A a general rule, avoid verbal NDAs. If there is time (and there is ALWAYS time), get a written one. If stuck between a rock and hard place where a written NDA really isn't possible, be aware that verbal NDAs are difficult to prove – the attempt will probably devolve into a 'he said, she said'.  On the other hand, if you aren't going to disclose anything confidential, maybe you don't need an NDA.

There are two types of written confidentiality agreements: mutual agreements and one-way agreements.  Mutual agreements bind both parties. One-way agreements bind just one party.

When are mutual NDAs appropriate?  Whenever both parties are sharing sensitive information or, as is often the case, when only one party is sharing information and the other party is being overly polite. (This is the equivalent of the, "No, you first", "No, YOU first" stand off when opening doors.)  Mutual NDAs are common in joint ventures, partnerships, sale of business negotiations, collaborations, etc.

When are non-mutual NDAs appropriate?  When only one party will be sharing sensitive information.  Think employees, consultants, developers, and subcontractors.

On a separate but related note, you can create a real mess if each party signs the other party's one-way NDA because you'll have two agreements for the same transaction.  Make it simple and sign a mutual NDA.

What terms should always be included? (Seriously, always)
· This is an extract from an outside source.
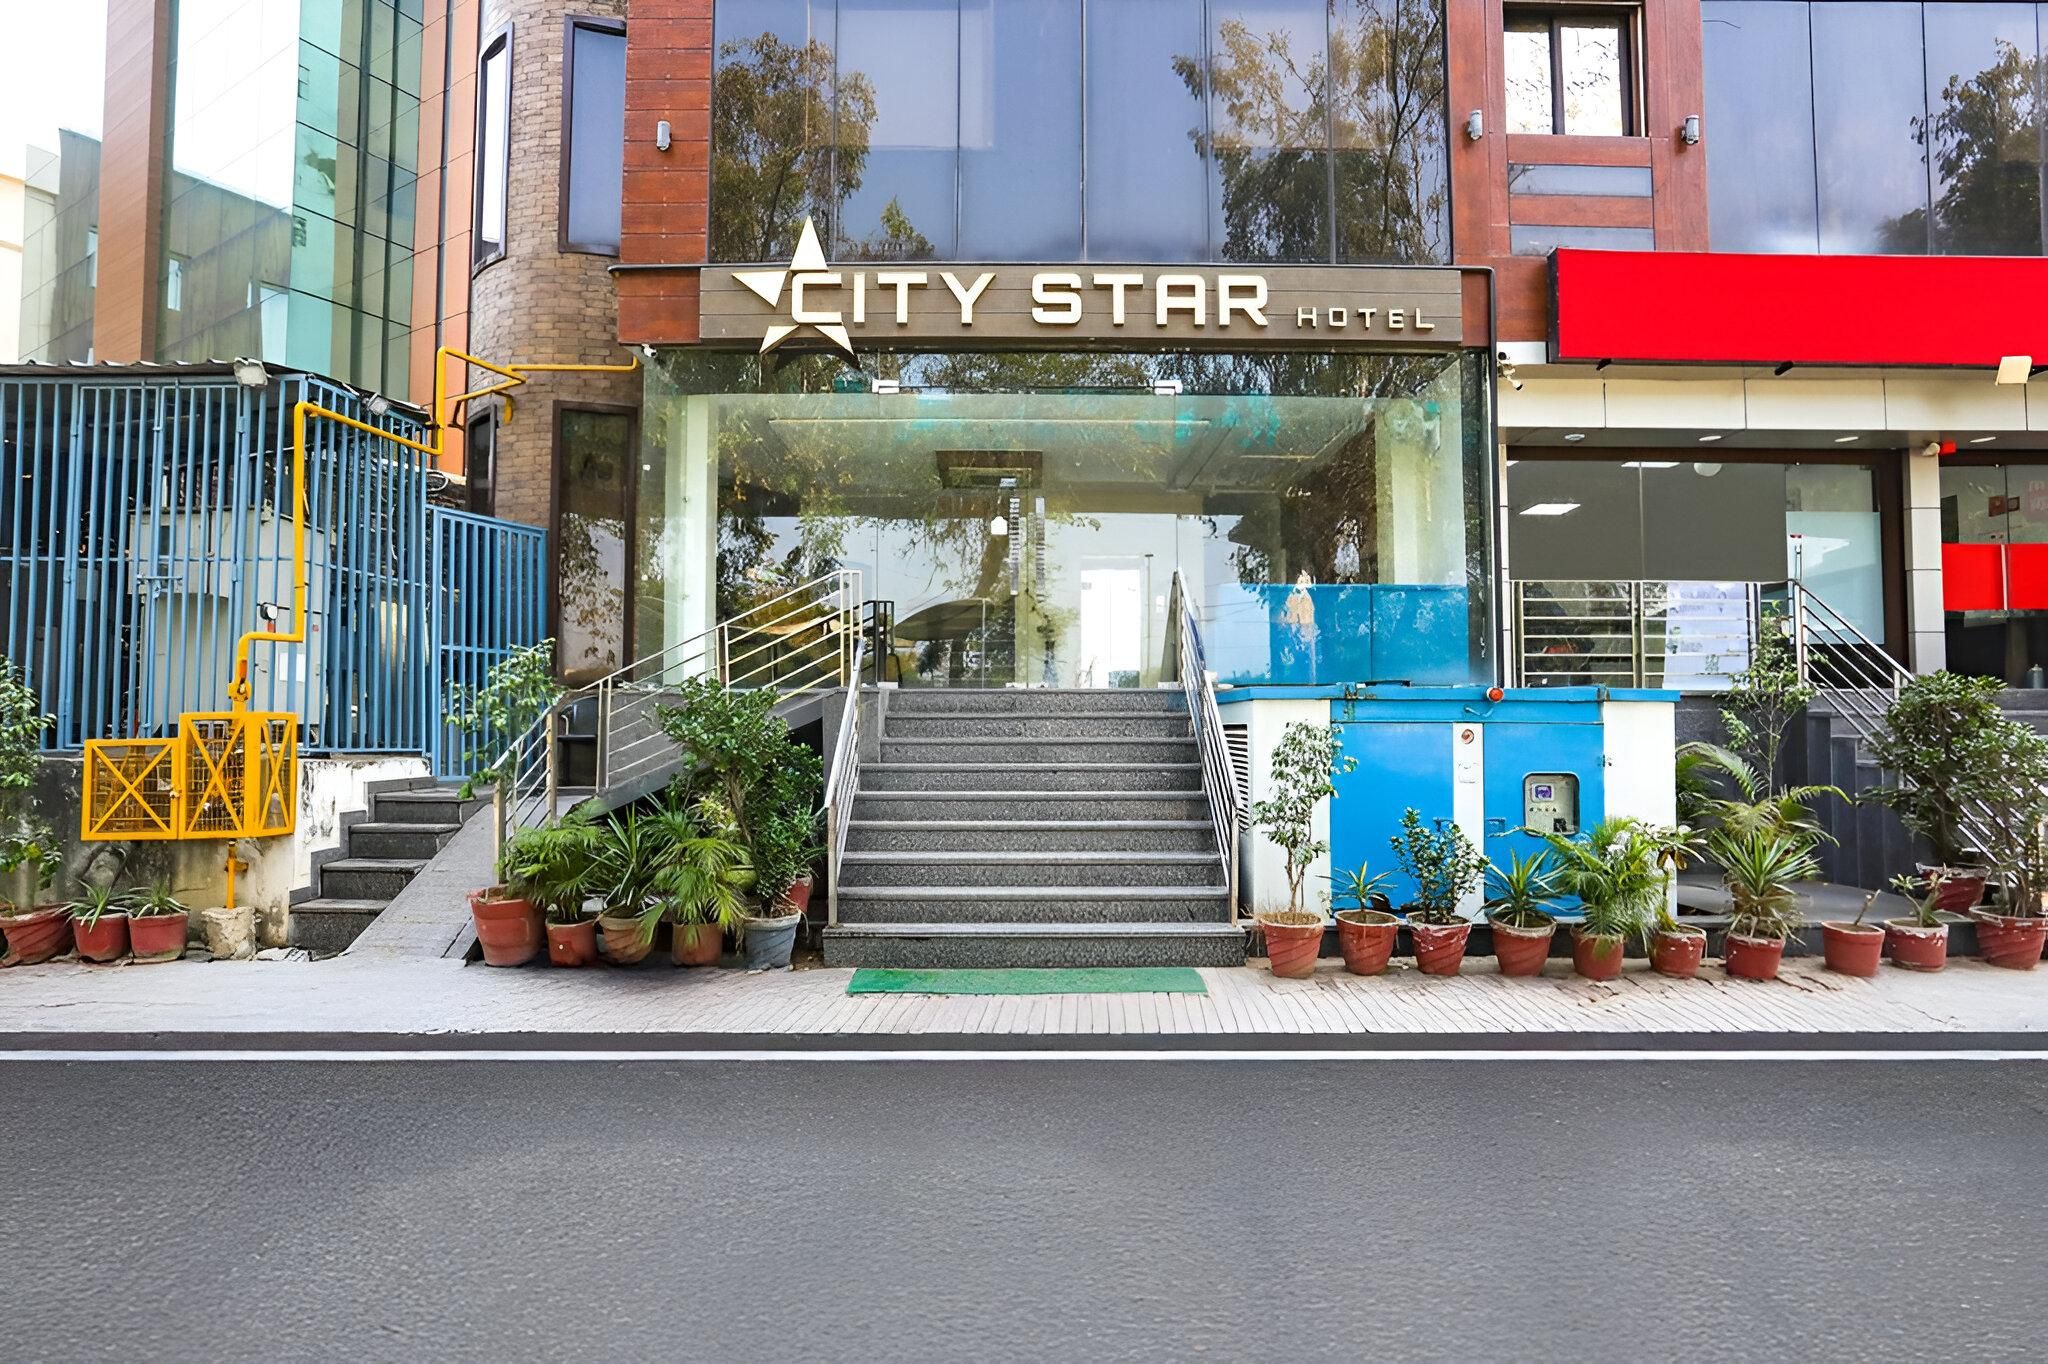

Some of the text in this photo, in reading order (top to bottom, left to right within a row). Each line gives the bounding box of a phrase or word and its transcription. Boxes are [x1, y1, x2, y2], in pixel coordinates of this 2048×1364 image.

[791, 272, 1436, 331] CITY STAR HOTEL
  • Restriction against using confidential information
  • Restriction against disclosing confidential information
  • Obligation to protect trade secrets forever

What terms should you watch out for?

  • Noncompetes
  • Non-solicitation clauses
  • Options or rights of refusal
  • Indemnification
  • License grants
  • Assignment of anything
  • Payment provisions

Of course, weird provisions always seem to turn up in these agreements, so be on the lookout for provisions that require you to turn over your first born (instead of your second born) or that don't seem applicable.  If it doesn't make sense when you read the agreement, there's a good chance it doesn't make any sense to anyone else either.

The content of this article is intended to provide a general guide to the subject matter. Specialist advice should be sought about your specific circumstances.